Pulau Seribu (Region Tysiąca Wysp) to archipelag małych wysepek znajdujących się na Morzu Jawajskim na północ od Dżakarty. Chociaż wbrew swojej nazwie wysp tych jest tylko sześćset z czego zamieszkałych jest tylko kilkanaście, a na niektórych znajdują się tylko i wyłącznie resorty.
Dostać się na nie można na dwa sposoby – kupując wycieczkę u jednego z dziesiątek biur podróży lub zorganizować wszystko samemu jeżeli tak jak ja nie lubicie wycieczek z przewodnikami.
Łodzie na Pulau Seribu odpływają z dwóch portów w Dżakarcie. Tańsza opcja to port Muara Angke gdzie można wykupić podróż drewnianym promem. Bilety tu można kupić za mniej niż 50 tysięcy rupii (15 zł) w dwie strony ale komfort i stan techniczny promów pozostawiają wiele do życzenia. Droższa ale bardziej komfortowa opcja to port Ancol Marina skąd odpływają duże, nowoczesne, klimatyzowane łodzie motorowe. Koszt takiej łodzi to 300 tysięcy rupii (84 złote) w dwie strony.
W obydwu przypadkach bilety można wykupić w kasie biletowej bezpośrednio w porcie. Warto też pamiętać, że łodzie odpływają tylko między 8 a 9 rano więc trzeba stawić odpowiednio wcześnie.

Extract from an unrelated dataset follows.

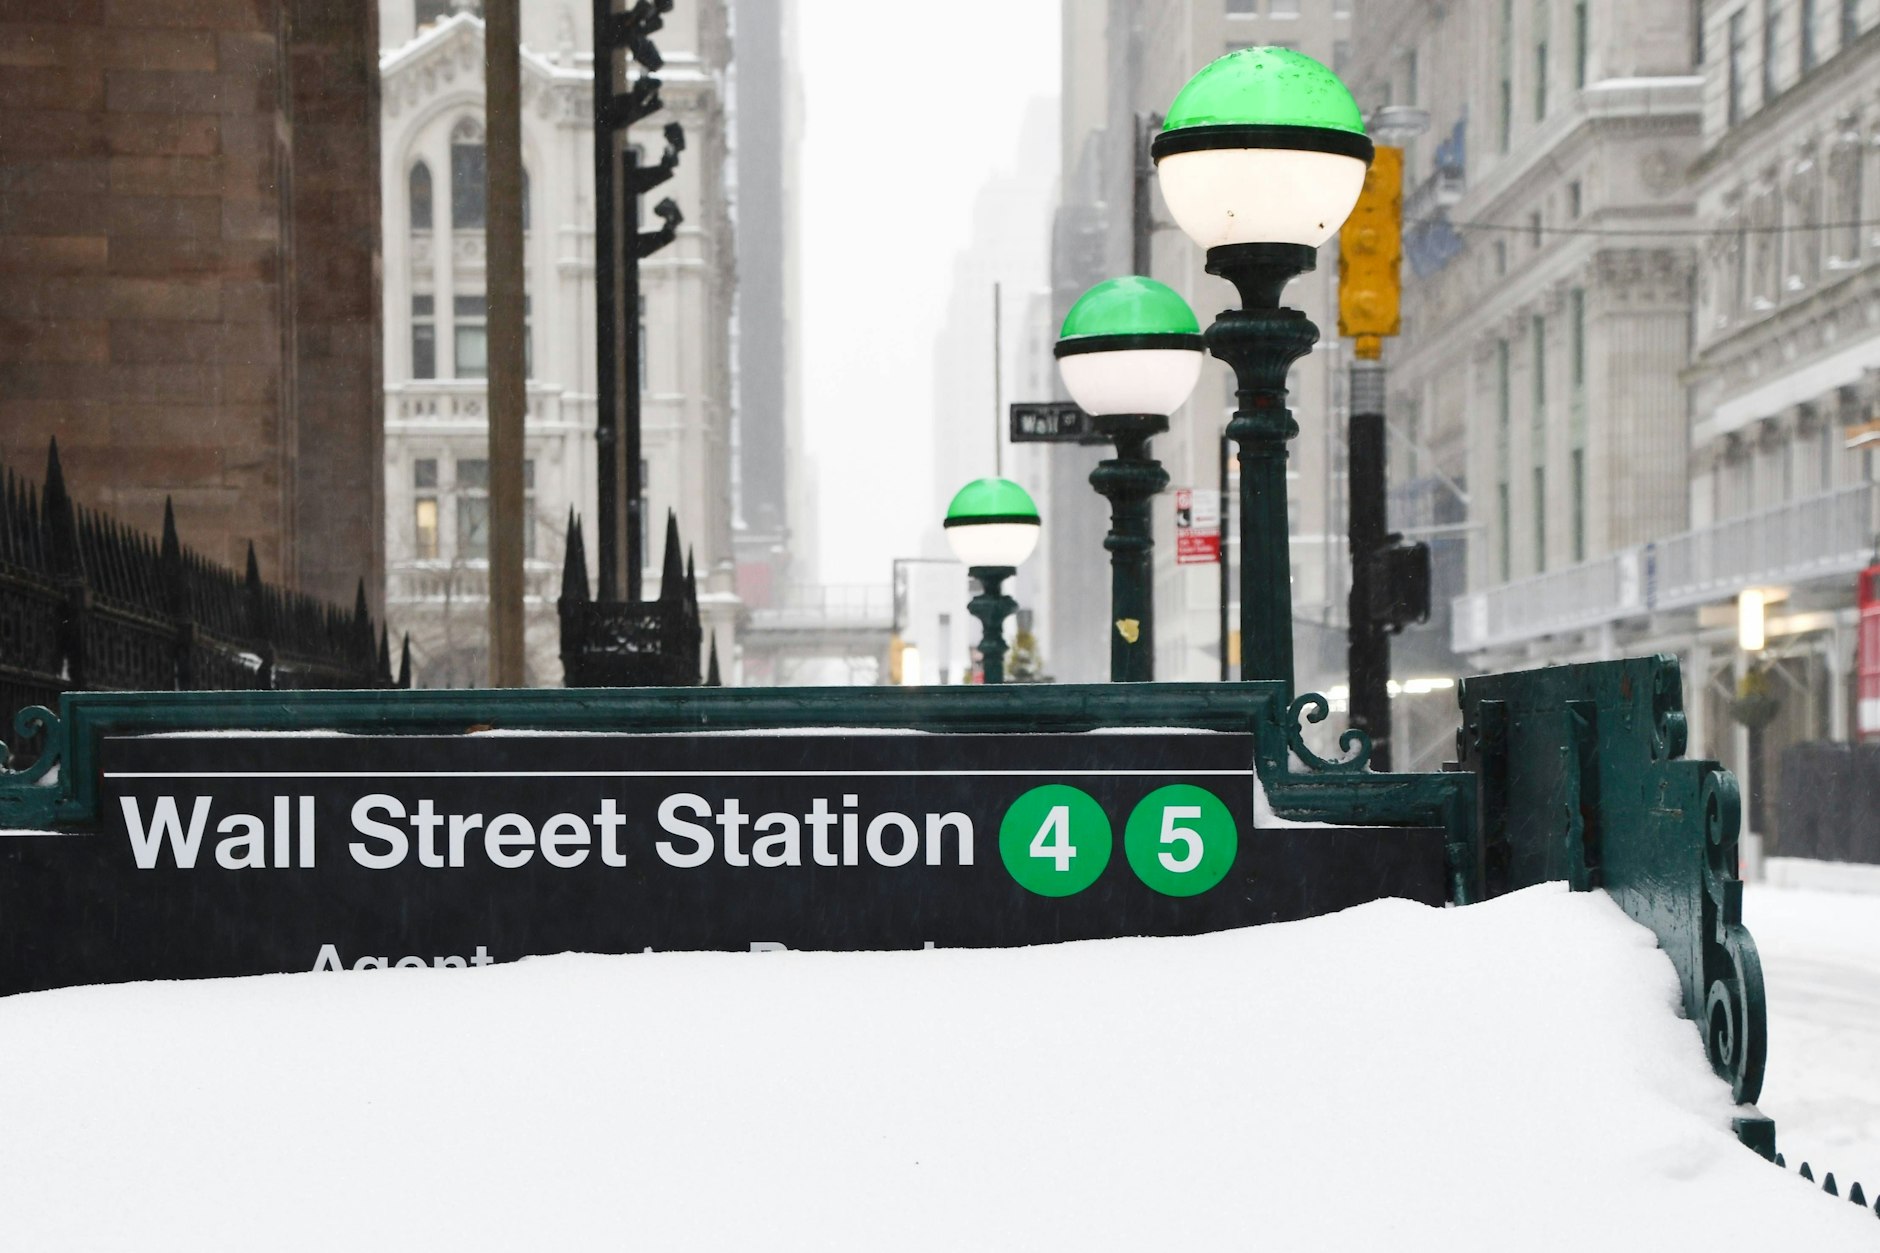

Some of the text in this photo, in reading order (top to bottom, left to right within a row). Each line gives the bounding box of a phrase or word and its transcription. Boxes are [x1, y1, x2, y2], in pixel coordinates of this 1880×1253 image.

[1021, 414, 1058, 434] Wall
[120, 793, 1204, 872] Wall Street Station 4 5
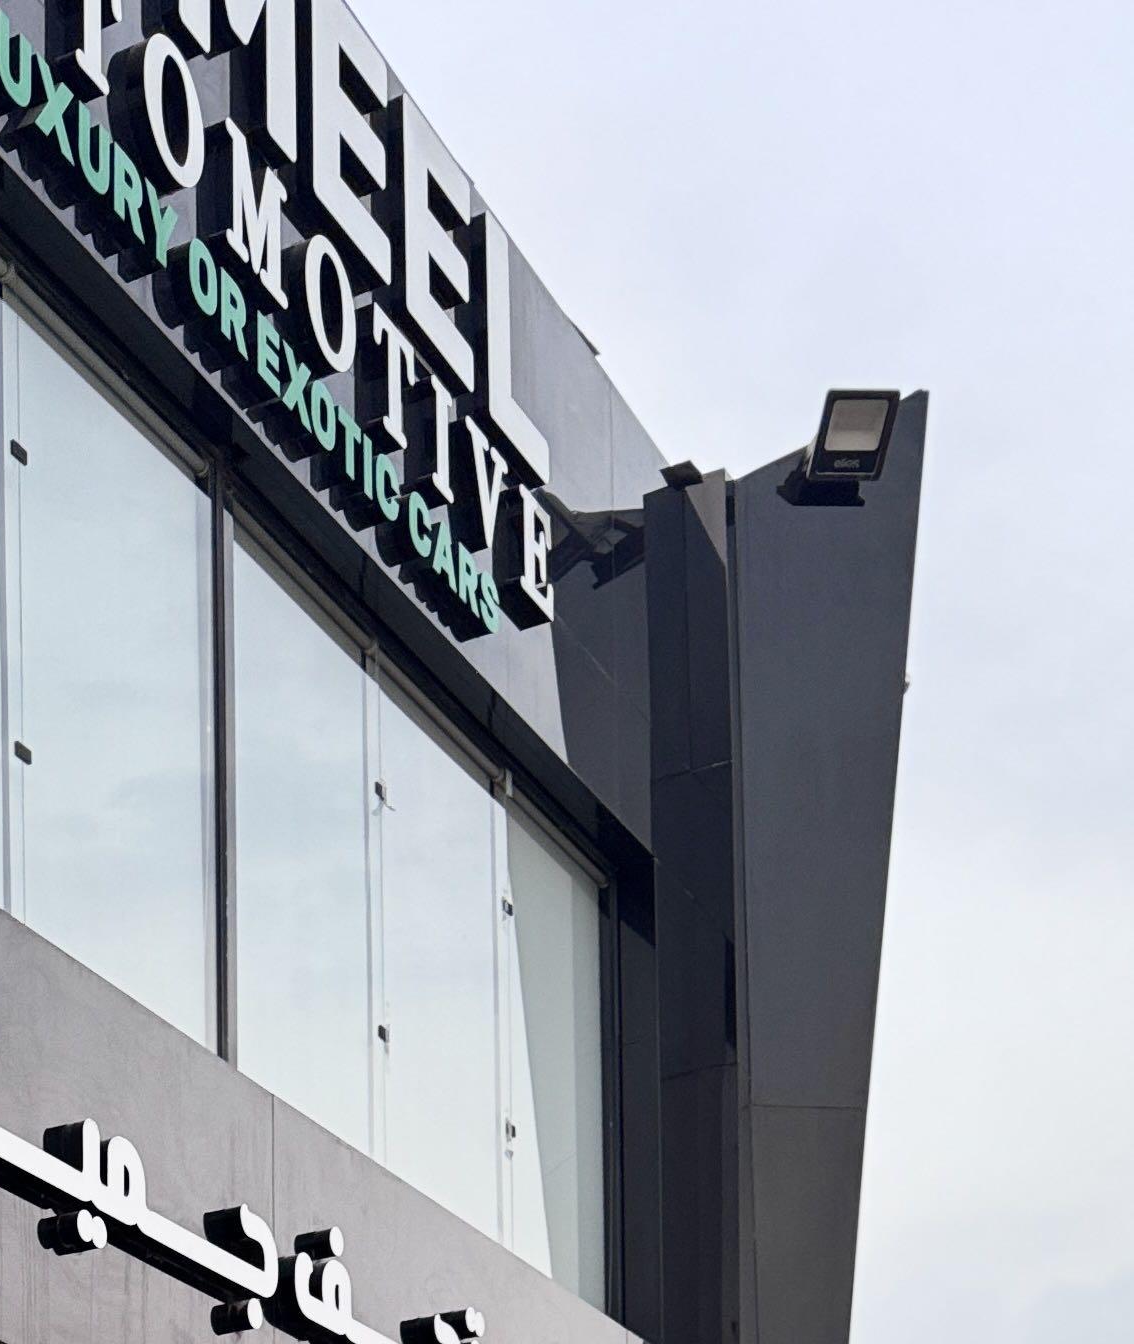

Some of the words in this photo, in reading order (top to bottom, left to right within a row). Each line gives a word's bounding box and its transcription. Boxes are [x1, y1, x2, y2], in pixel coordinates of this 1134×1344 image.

Ja wybrałem Pulau Pari malutką wysepkę leżącą w lini prostej zaledwie 20 kilometrów od Dżakarty. Podróż zajęła niecałą godzinę. Cała wyspa jest naprawdę mała, przejechanie jej w poprzek wynajętym za 5 zł za dobę rowerem zajęło mi mniej niż 10 minut. Pulau Pari jest naprawdę piękna, czysta i zadbana, w jej centrum znajduje się zamieszkała wioska a na jej krańcach znajdują się dwie plaże. Plaża po wschodniej stronie, znajdująca się bliżej przystani była pełna ludzi, natomiast ta na zachodzie niemal zupełnie pusta dzięki czemu mogłem wypocząć w zupełnej ciszy. Ponadto w wodzie po wschodniej części wyspy było bardzo dużo ryb, krabów i rozgwiazd.
Przy każdej z plaż znajdują się małe budki z jedzeniem.
Tu dochodzimy do jedynej rzeczy na jakiej się zawiodłem. Bardzo małego wyboru jedzenia. Na wyspie nie ma ani jednego sklepu czy restauracji, bambusowe budki prowadzone przez lokalsów to jedyne miejsce gdzie można coś kupić. Ma to swój „dziewiczy urok” ale to, że na całej wyspie są dostępne dosłownie 2 rodzaje zup, woda z kokosa i cola-cola to trochę słabo.
Pomijając ten aspekt to jest to miejsce warte odwiedzenia jeśli kiedyś będziecie w Dżakarcie na dłużej, szczególnie że bilety nie kosztują wiele. Na Pewno jeszcze kiedyś tu wrócę, bo już mam plany na odwiedzenie kolejnych wysp.